Rules for Writing Persistent Classes
------------------------------------

Practically all persistent languages impose some restrictions on programming
style, warning against constructs they can't handle or adding subtle semantic
changes, and the ZODB is no exception. Happily, the ZODB's restrictions are
fairly simple to understand, and in practice it isn't too painful to work around
them.

The summary of rules is as follows:

* If you modify a mutable object that's the value of an object's attribute, the
  ZODB can't catch that, and won't mark the object as dirty.  The solution is to
  either set the dirty bit yourself when you modify mutable objects, or use a
  wrapper for Python's lists and dictionaries (:class:`PersistentList`,
  :class:`PersistentMapping`) that will set the dirty bit properly.

* Recent versions of the ZODB allow writing a class with  :meth:`__setattr__` ,
  :meth:`__getattr__`, or :meth:`__delattr__` methods.  (Older versions didn't
  support this at all.)  If you write such a :meth:`__setattr__` or
  :meth:`__delattr__` method, its code has to set the dirty bit manually.

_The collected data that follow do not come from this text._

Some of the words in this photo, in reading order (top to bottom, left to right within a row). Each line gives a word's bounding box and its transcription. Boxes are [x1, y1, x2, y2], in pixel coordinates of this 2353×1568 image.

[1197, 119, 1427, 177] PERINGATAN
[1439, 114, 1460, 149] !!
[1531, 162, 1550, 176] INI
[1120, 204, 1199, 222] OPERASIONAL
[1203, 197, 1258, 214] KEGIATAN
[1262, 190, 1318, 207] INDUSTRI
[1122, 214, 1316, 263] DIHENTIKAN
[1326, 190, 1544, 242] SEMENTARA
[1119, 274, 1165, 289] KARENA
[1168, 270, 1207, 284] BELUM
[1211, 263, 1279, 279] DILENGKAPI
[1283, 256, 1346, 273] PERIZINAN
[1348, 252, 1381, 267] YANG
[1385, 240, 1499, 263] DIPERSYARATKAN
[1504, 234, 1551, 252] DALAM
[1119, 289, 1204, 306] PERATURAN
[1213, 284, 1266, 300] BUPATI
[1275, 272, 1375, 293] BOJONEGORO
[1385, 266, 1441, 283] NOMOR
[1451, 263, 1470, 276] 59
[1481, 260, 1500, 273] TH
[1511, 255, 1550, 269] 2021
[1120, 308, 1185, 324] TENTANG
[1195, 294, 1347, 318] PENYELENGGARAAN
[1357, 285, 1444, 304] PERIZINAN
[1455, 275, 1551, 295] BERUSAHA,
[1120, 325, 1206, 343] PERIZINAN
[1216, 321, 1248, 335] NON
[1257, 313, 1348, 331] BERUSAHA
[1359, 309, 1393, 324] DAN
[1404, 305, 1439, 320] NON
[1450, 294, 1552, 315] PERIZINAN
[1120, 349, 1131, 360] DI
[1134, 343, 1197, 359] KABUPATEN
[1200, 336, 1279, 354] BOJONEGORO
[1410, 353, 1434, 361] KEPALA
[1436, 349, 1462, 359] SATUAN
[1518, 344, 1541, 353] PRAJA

* A persistent class should not have a :meth:`__del__` method. The database
  moves objects freely between memory and storage.  If an object has not been used
  in a while, it may be released and its contents loaded from storage the next
  time it is used.  Since the Python interpreter is unaware of persistence, it
  would call :meth:`__del__` each time the object was freed.

Let's look at each of these rules in detail.


Modifying Mutable Objects
^^^^^^^^^^^^^^^^^^^^^^^^^

The ZODB uses various Python hooks to catch attribute accesses, and can trap
most of the ways of modifying an object, but not all of them. If you modify a
:class:`User` object by assigning to one of its attributes, as in
``userobj.first_name = 'Andrew'``, the ZODB will mark the object as having been
changed, and it'll be written out on the following :meth:`commit`.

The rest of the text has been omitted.